De fato Eufêmio foi um comandante bizantino que ocupou a Sicília. Segundo o historiador árabe, Ibne Alatir, Eufêmio atacou a Ifríquia, onde tomou alguns navios mercantes e devastou as costas. O imperador bizantino Miguel II, enviou uma carta rebaixando e punindo Eufêmio, este quando soube retornou a Sicília com sua frota e revoltou-se.

Algumas informações sobre Eufêmio são incertas, como conta Teófanes Continuado, ao relatar que Eufêmio teria sequestrado uma freira, Homoniza, de seu mosteiro e a levado como esposa. Provavelmente a referência para esse episódio.

Em 780, Eufêmio partiu para Ifríquia buscando refúgio entre os inimigos do império bizantino.

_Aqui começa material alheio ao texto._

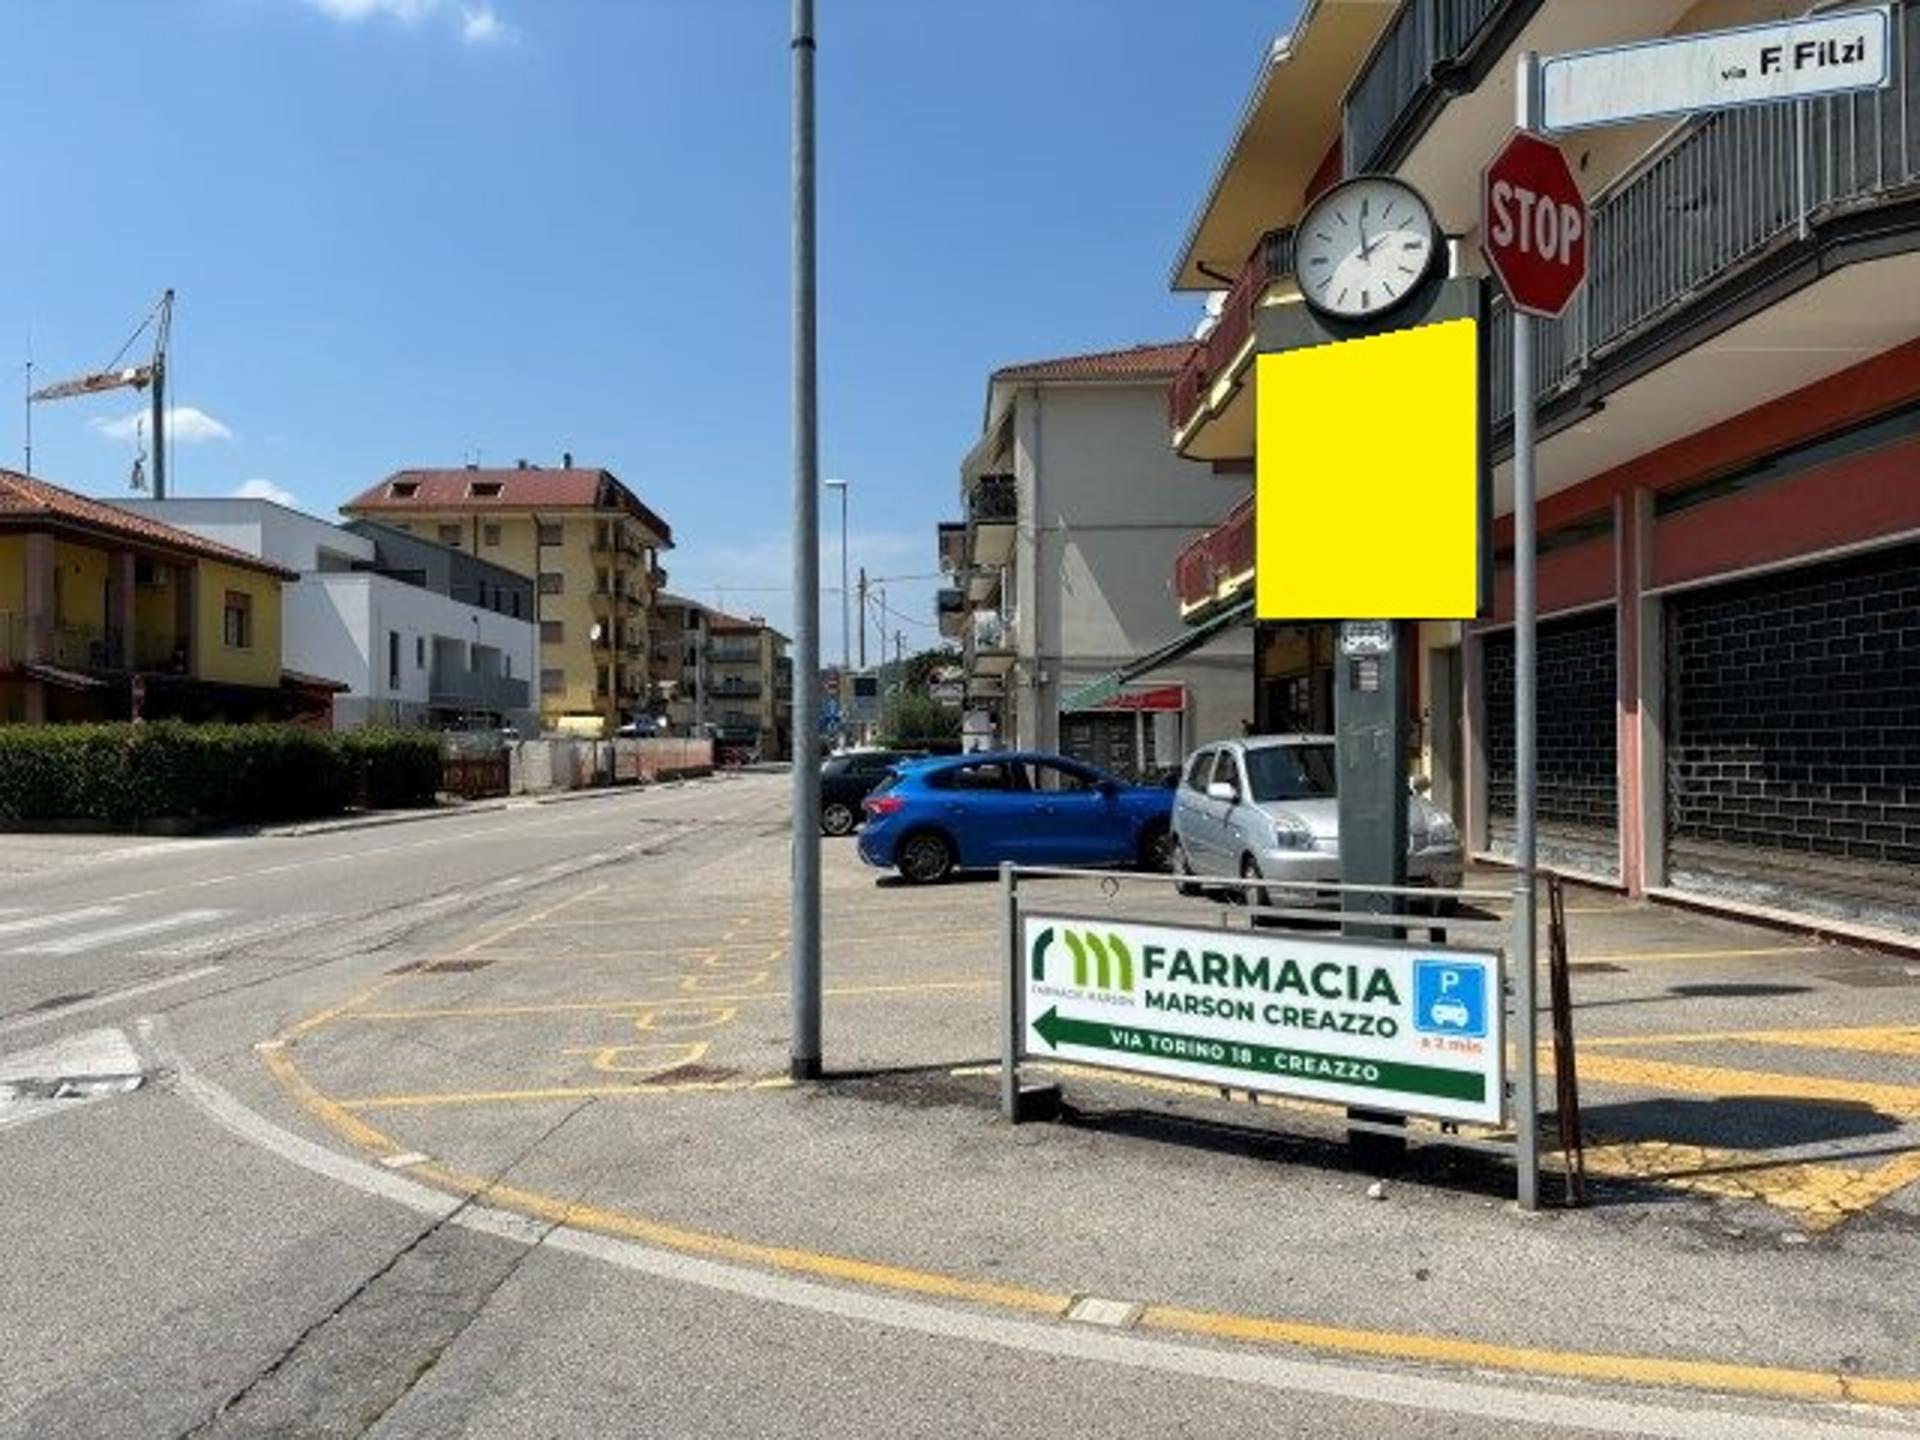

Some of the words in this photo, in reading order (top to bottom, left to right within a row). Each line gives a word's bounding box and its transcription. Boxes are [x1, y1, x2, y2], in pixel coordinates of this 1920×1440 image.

Enviou uma delegação à corte aglábida (o Emirado Aglábida foi um estado islâmico no Norte da África entre 800 e 900) que solicitou ao emir Ziyadat Allah um exército para Eufêmio conquistar a Sicília em troca de um tributo anual.

Os vikings de Kiev

A nova temporada de Vikings tem mostrado que a expansão dos povos normandos não se limitou apenas a Bretanha ou ao Mar Mediterrâneo, como estamos acompanhando, mas também para outras regiões da Ásia.

Sindric comenta sobre nórdicos que já haviam estado no Mediterrâneo e outros que faziam parte da guarda particular do Império de Kiev.

Durante os séculos X e XI, parte do povo viking que habitava a Suécia migrou para o nordeste, especificamente para as regiões de Novgorod e Rostov. Liderados pelo rei Rurik, os vikings se dirigiram para o sul conquistando a região de Kiev (atual Ucrânia), dando origem ao reino de Rus – termo que deu origem a palavra “Rússia”.

Controlando o rio Volga, os vikings passaram a comercializar com os califados árabes, com os gregos bizantinos e parte da Europa feudal.

Ataques vikings aconteceram contra Constantinopla, porém os bizantinos preferiram negociar do que bater de frente com os normandos. Entre os acordos firmados, os vikings ganharam vantagens comerciais, mas cederam uma tropa que passou a ajudar na defesa do império, formando a Guarda Varegue.